En su último informa anual, publicado este miércoles, la Organización Mundial del Comercio señala que sus 164 miembros introdujeron entre octubre de 2015 y octubre de 2016 una media de 15 medidas proteccionistas y que dañan el comercio al mes, un avance pues el ejercicio anterior habían sido 20. Desde el inicio de la crisis de 2008, 2,978 medidas contra el comercio se puesto en marcha en el mundo, pero de ellas 740 se han retirado.

Cambio de alianzas

Las cifras de la OCDE muestran que las exportaciones del G-20 en el primer trimestre de 2017 aumentaron un 3% respecto al último de 2016 y las importaciones se incrementaron un 4%, en ambos casos el avance más grande desde 2011. Pero lo que está en juego ahora puede tener efectos duraderos. No son batallas de divisas, como en el pasado. Es un cambio de paradigma o de alianzas. Hace apenas un año, el espíritu era el opuesto. LA UE se preparaba para una especie de guerra comercial con China, denunciando el ‘dumping’ y sus prácticas agresivas por el continente o en África. En cambio, el Gobierno de Pekín llegó esta semana a Bruselas como la gran esperanza para el comercio mundial y como aliada indispensable para mantener el acuerdo sobre el Cambio Climático.

Trump está forzando improvisaciones a marchas forzadas. La realidad la resumió el ministro alemán Sigmar Gabriel hace unos días en viaje oficial. «En estos tiempos en los que otros pivotan hacia aislacionismo y nacionalismo y tienen tendencia proteccionistas, China y Europa defienden un comercio abierto global y el multilateralismo». Pekín tiene al alcance de su mano el ansiado y polémico estatus de economía de mercado y el efecto a nivel mundial será extraordinario. Algo para lo que Europa no está ni mucho menos preparada.

Hace unos días lo destacaba Fitch: «la posibilidad de una escalada en el proteccionismo sigue siendo un riesgo clave para la economía mundial». Quizás sea el primero. «Dada la fuerza del sentimiento antiglobalización en las elecciones y el foco sobre la reducción de los déficits bilaterales», y sobre todo el que tiene con Alemania, «la posibilidad de un acercamiento unilateral y disruptivo sigue siendo un riesgo significativo».

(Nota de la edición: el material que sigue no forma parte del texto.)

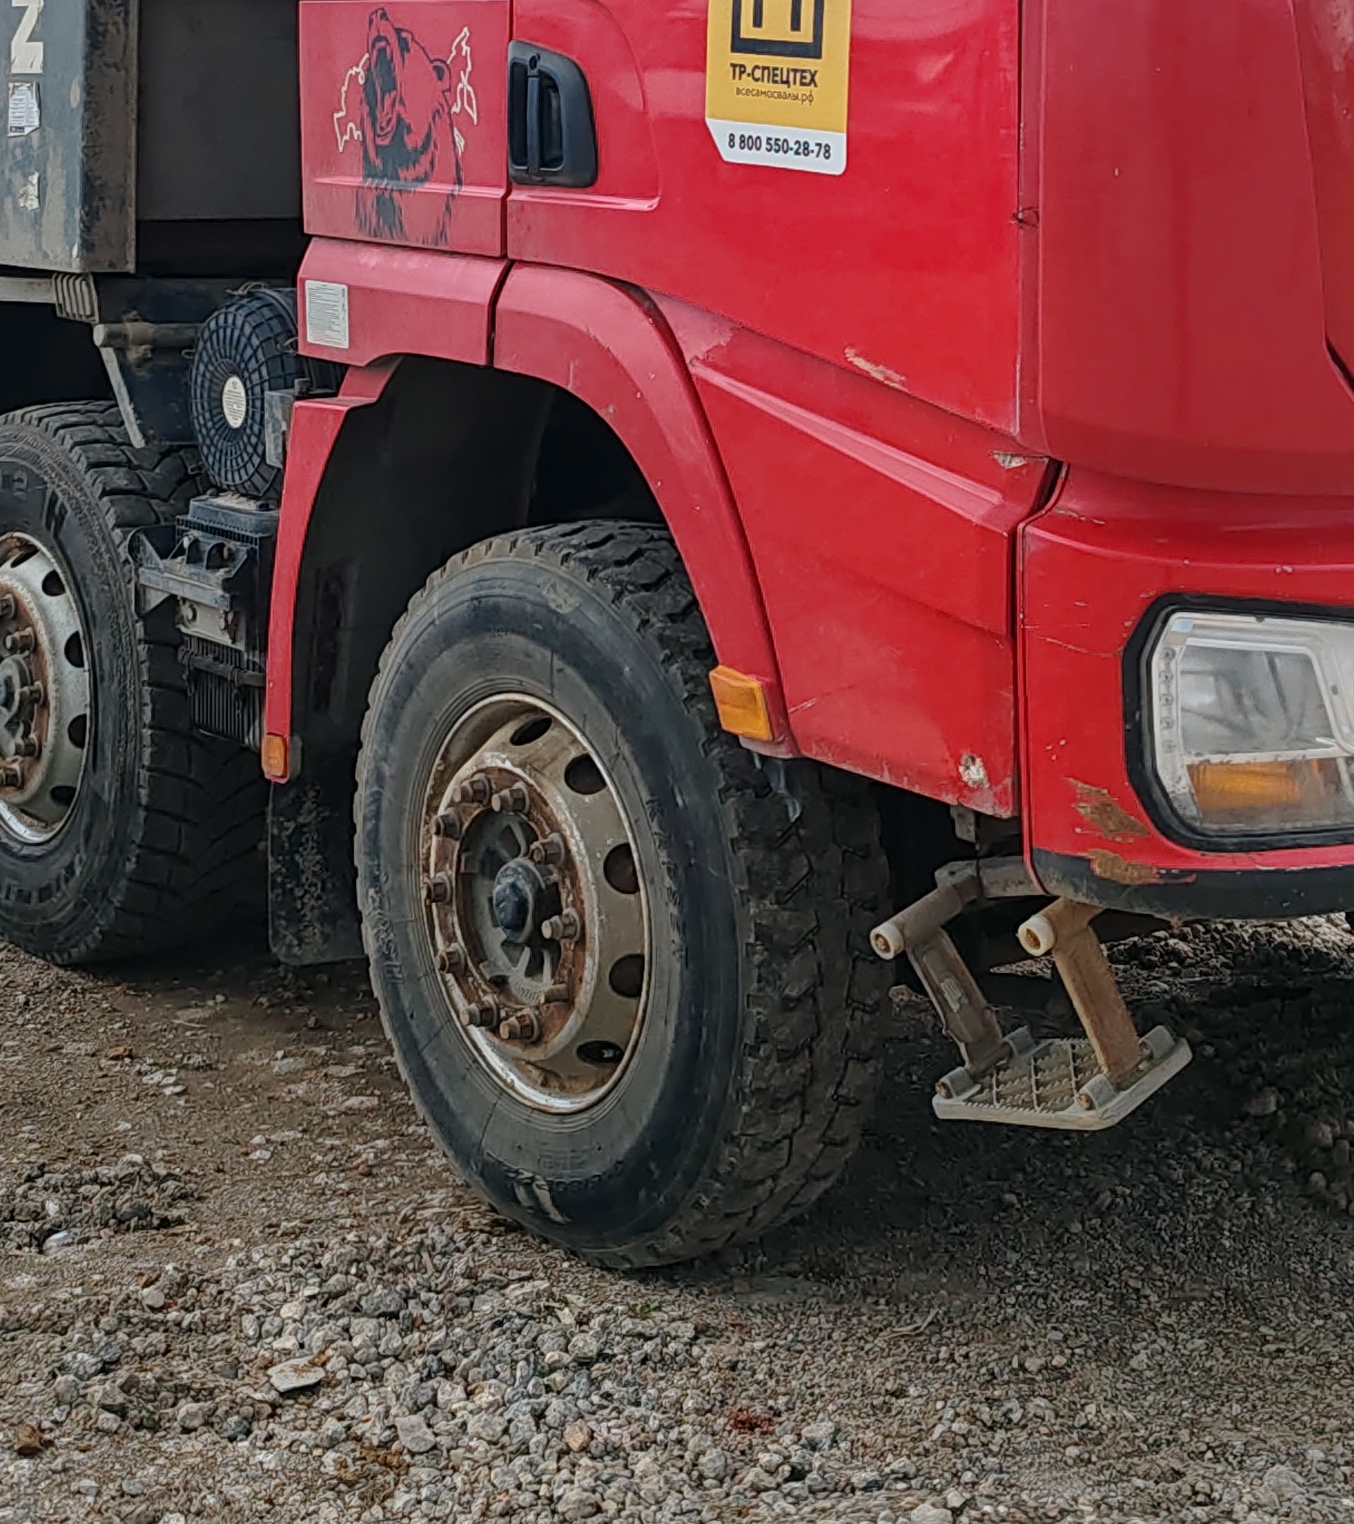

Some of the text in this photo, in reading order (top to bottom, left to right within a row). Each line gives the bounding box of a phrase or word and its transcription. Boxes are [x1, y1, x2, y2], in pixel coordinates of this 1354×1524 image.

[729, 62, 819, 88] ТР-СПЕЦТЕХ
[735, 87, 815, 106] всесамосвалы.рф
[728, 132, 832, 160] 8 800 550-28-78

Algo más preocupante que los efectos de una subida de tipos de interés de un cuarto de punto por parte de la Reserva Federal, que Draghi decide retirar las medidas de estímulo un mes antes o después o que los gobiernos toquen, al alza o la baja, los impuestos en un par de puntos porcentuales. La economía mundial se recupera débilmente de la pasada y catastrófica recesión. No sabemos aún por dónde llegará la siguiente. Pero mientras se trabaja en los mecanismos defensivos sólo hay una certeza: si los enemigos del comercio, desde derecha e izquierda, triunfan, el resultado será devastador.